Downstream Processing Laboratory, Department of Biotechnology, Kumaraguru College of Technology, Coimbatore, India.
Department of Chemical Engineering, A.C. Tech, Anna University, Chennai, 600 025, India.
J Environ Manage. 2018 Dec 1;227:216-228. doi: 10.1016/j.jenvman.2018.08.088. Epub 2018 Sep 5.
Design of experiment and artificial neural networks (ANN) have been effectively employed to predict the rate of uptake of Zn(II) ions onto defatted pongamia oil cake. Four independent variables such as, pH (2.0-7.0), initial concentration of Zn(II) ions (50-500 mg/L), temperature (30ºC-50 °C), and dosage of biosorbent (1.0-5.0 g/L) were used for the batch mode while the three independent variables viz. flowrate, initial concentration of Zn(II) ions and bed height were employed for the continuous mode. Second-order polynomial equations were then derived to predict the Zn(II) ion uptake rate. The optimum conditions for batch studies was found to be pH: 4.45, metal ion concentration: 462.48 mg/L, dosage: 2.88 g/L, temperature: 303 K and on the other hand the column studies flow rate: 5.59 mL/min, metal ion concentration: 499.3 mg/L and bed height: 14.82 cm. Under these optimal condition, the adsorption capacity was 80.66 mg/g and 66.29 mg/g for batch and column studies, respectively. The same data was fed to train a feed-forward multilayered perceptron, using MATLAB to develop the ANN based model. The predictive capabilities of the two methodologies were compared, by means of the absolute average deviation (AAD) (4.57%), model predictive error (MPE) (4.15%), root mean square error (RMSE) (3.19), standard error of prediction (SEP) (4.23) and correlation coefficient (R) (0.99) for ANN and for RSM AAD (16.27%), MPE (21,25%), RMSE (13.15%), SEP and R (0.96) by validation data. The findings suggested that compared to the prediction ability of RSM model, the properly trained ANN model has better prediction ability. In batch studies, equilibrium data was used to determine the isotherm constants and first and second order rate constants. In column, bed depth service time (BDST) and Thomas model was used to fit the obtained column data.
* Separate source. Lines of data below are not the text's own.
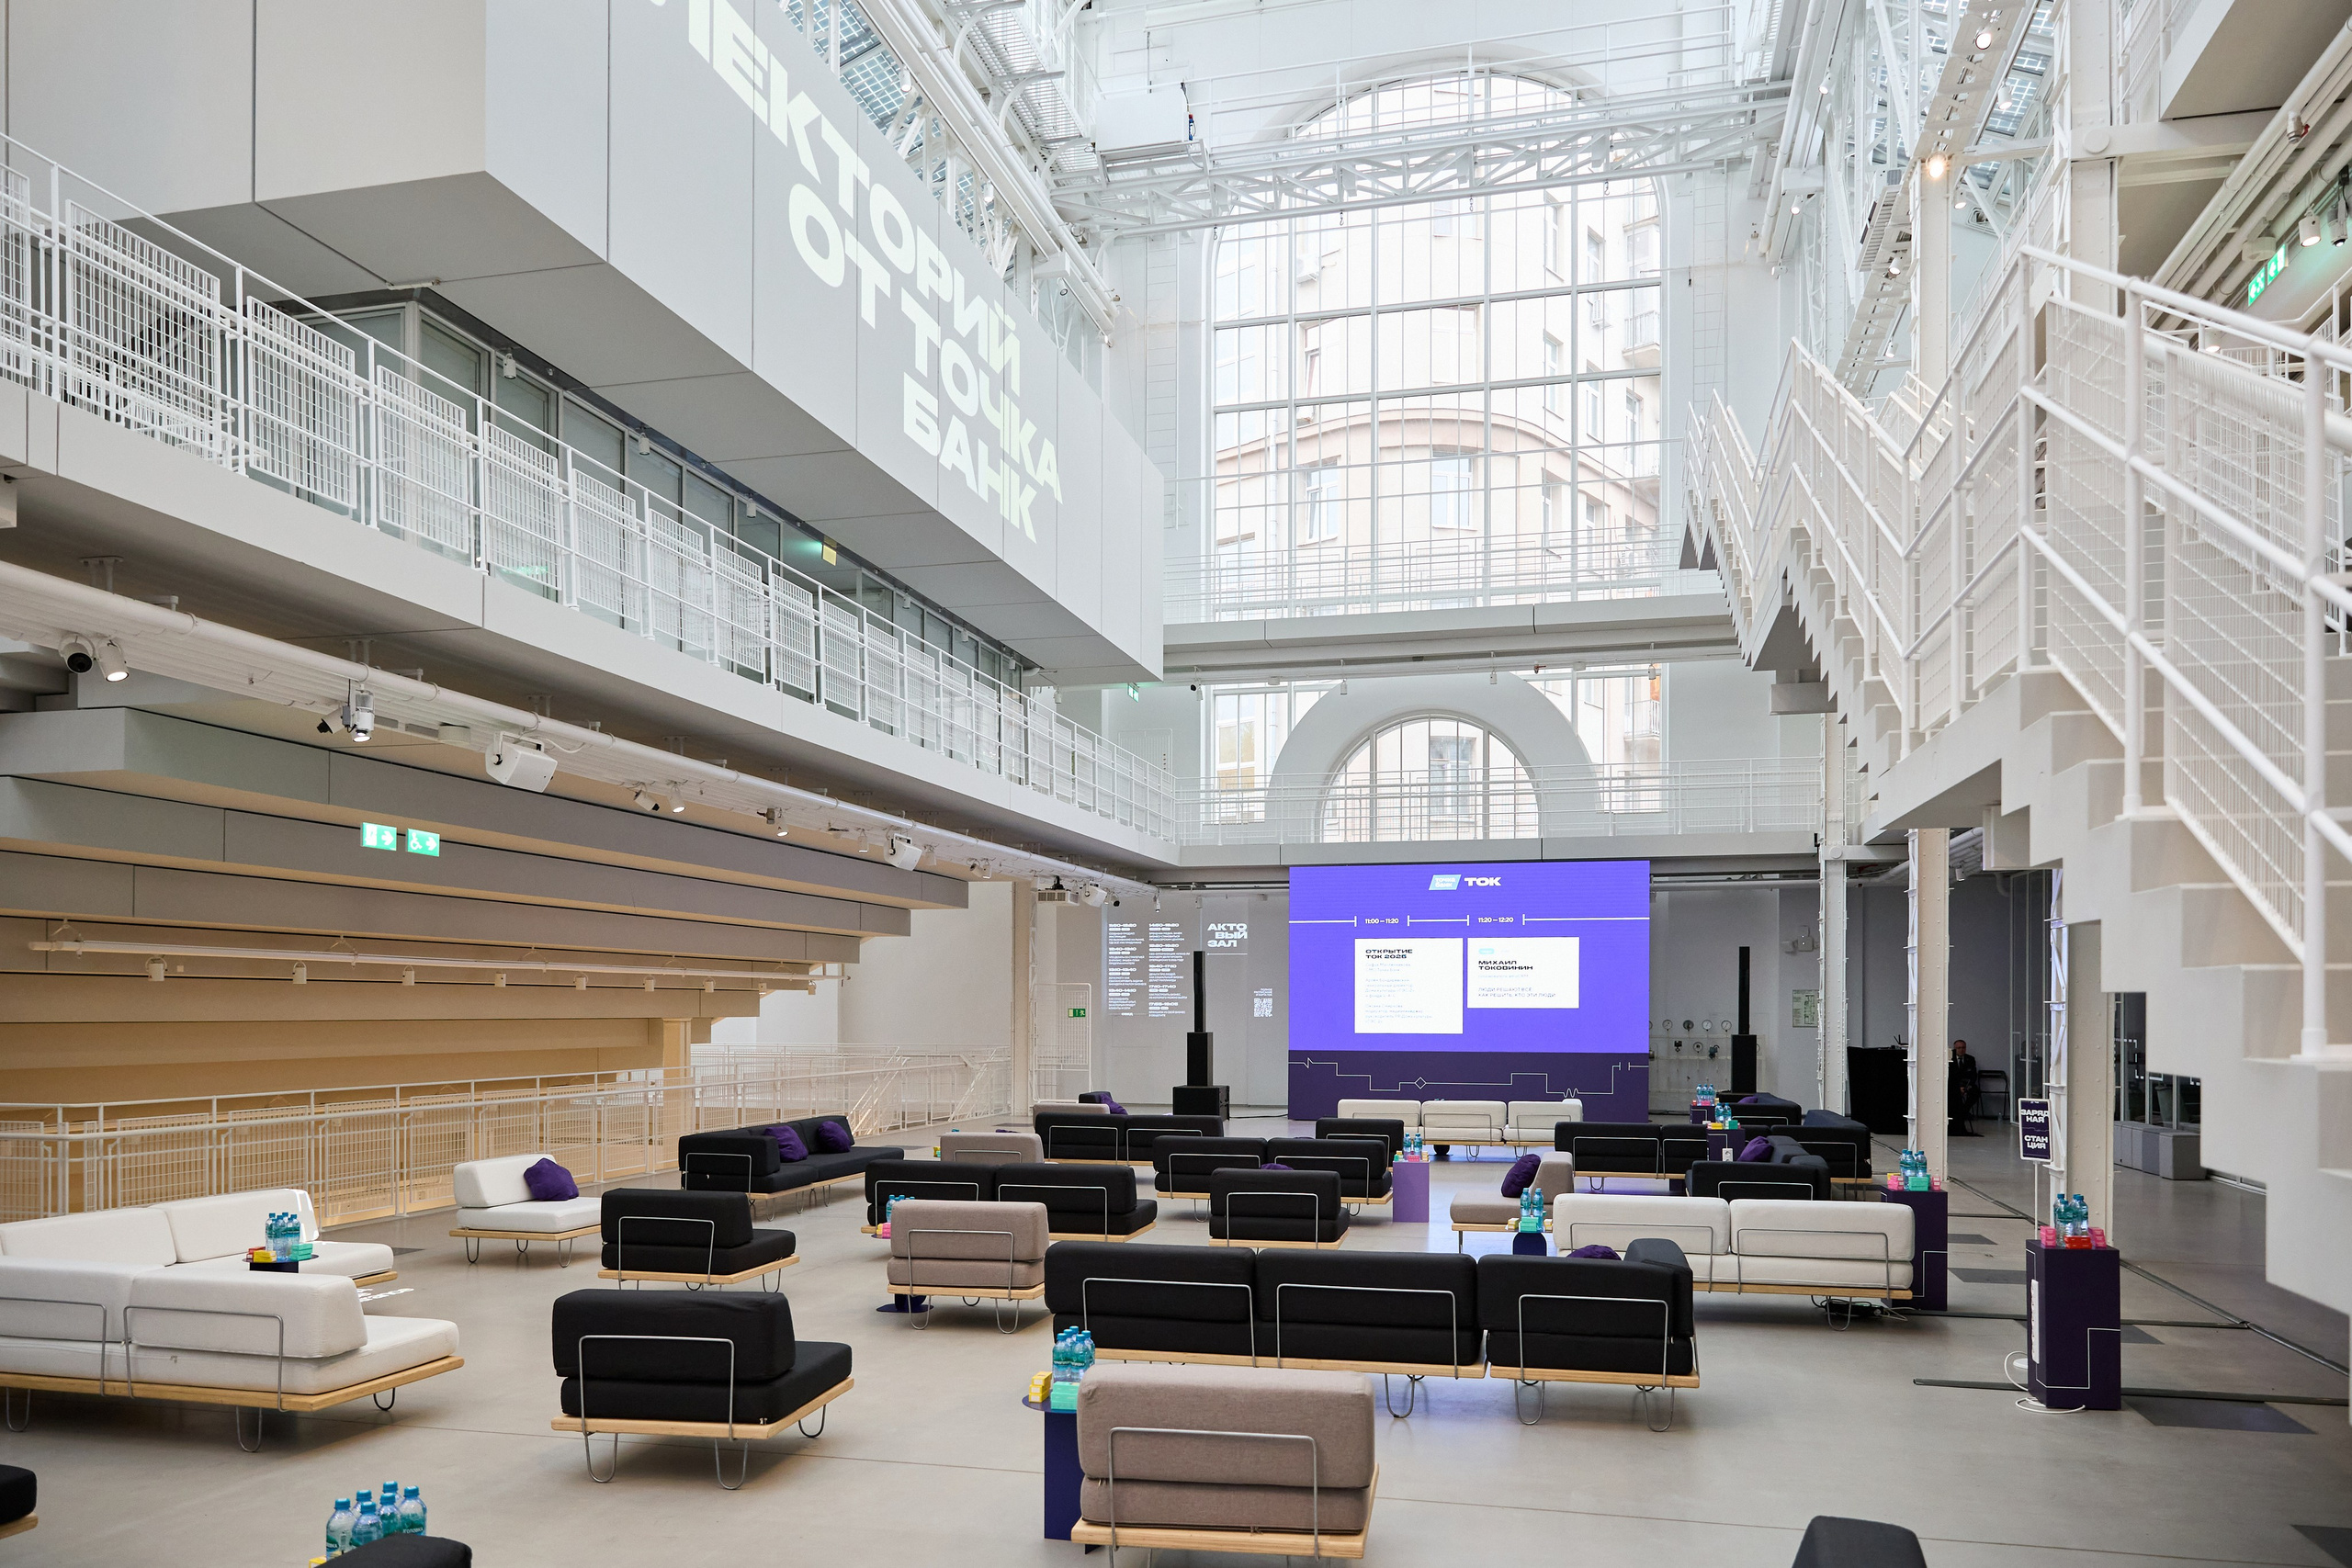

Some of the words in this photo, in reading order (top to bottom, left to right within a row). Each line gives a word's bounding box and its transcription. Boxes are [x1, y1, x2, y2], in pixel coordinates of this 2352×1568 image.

[788, 183, 891, 330] ОТ
[900, 287, 1064, 505] ТОЧКА
[903, 371, 1037, 544] БАНК
[1464, 876, 1502, 886] ТОК
[1207, 923, 1248, 931] АКТО
[1215, 931, 1248, 940] ВЫЙ
[1207, 940, 1238, 948] ЗАЛ
实验设计和人工神经网络 (ANN) 已被有效地用于预测 Zn(II)离子被脱脂麻疯树饼吸收的速率。在批量模式下使用了四个独立变量,例如 pH(2.0-7.0)、Zn(II)离子的初始浓度(50-500mg/L)、温度(30°C-50°C)和生物吸附剂用量(1.0-5.0g/L),而连续模式则使用了三个独立变量,即流速、Zn(II)离子的初始浓度和床层高度。然后推导出二阶多项式方程来预测 Zn(II)离子的吸收速率。批处理研究的最佳条件为 pH:4.45、金属离子浓度:462.48mg/L、用量:2.88g/L、温度:303K;另一方面,柱研究的流速为 5.59mL/min、金属离子浓度:499.3mg/L 和床层高度:14.82cm。在这些最佳条件下,吸附容量分别为 80.66mg/g 和 66.29mg/g。将相同的数据输入到一个前馈多层感知器中,使用 MATLAB 开发基于 ANN 的模型。通过绝对平均偏差 (AAD)(4.57%)、模型预测误差 (MPE)(4.15%)、均方根误差 (RMSE)(3.19%)、预测误差标准差 (SEP)(4.23%)和相关系数 (R)(0.99%)比较了两种方法的预测能力,对于 ANN 为 0.99%,对于 RSM 为 AAD(16.27%)、MPE(21.25%)、RMSE(13.15%)、SEP 和 R(0.96%)通过验证数据。研究结果表明,与 RSM 模型的预测能力相比,经过适当训练的 ANN 模型具有更好的预测能力。在批量研究中,使用平衡数据确定等温常数和一级和二级速率常数。在柱中,使用床层深度工作时间 (BDST) 和 Thomas 模型拟合获得的柱数据。